What is needed:
Every line in the listing should be set down again verbatim.

** Data to process follows **

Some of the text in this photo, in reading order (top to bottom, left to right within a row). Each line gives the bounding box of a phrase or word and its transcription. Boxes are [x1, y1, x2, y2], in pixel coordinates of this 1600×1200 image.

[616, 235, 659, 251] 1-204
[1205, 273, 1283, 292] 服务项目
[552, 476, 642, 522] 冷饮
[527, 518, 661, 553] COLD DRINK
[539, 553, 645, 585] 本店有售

** End of Data to process **

Answer space:
Some of the text in this photo, in reading order (top to bottom, left to right within a row). Each line gives the bounding box of a phrase or word and its transcription. Boxes are [x1, y1, x2, y2], in pixel coordinates of this 1600×1200 image.

[616, 235, 659, 251] 1-204
[1205, 273, 1283, 292] 服务项目
[552, 476, 642, 522] 冷饮
[527, 518, 661, 553] COLD DRINK
[539, 553, 645, 585] 本店有售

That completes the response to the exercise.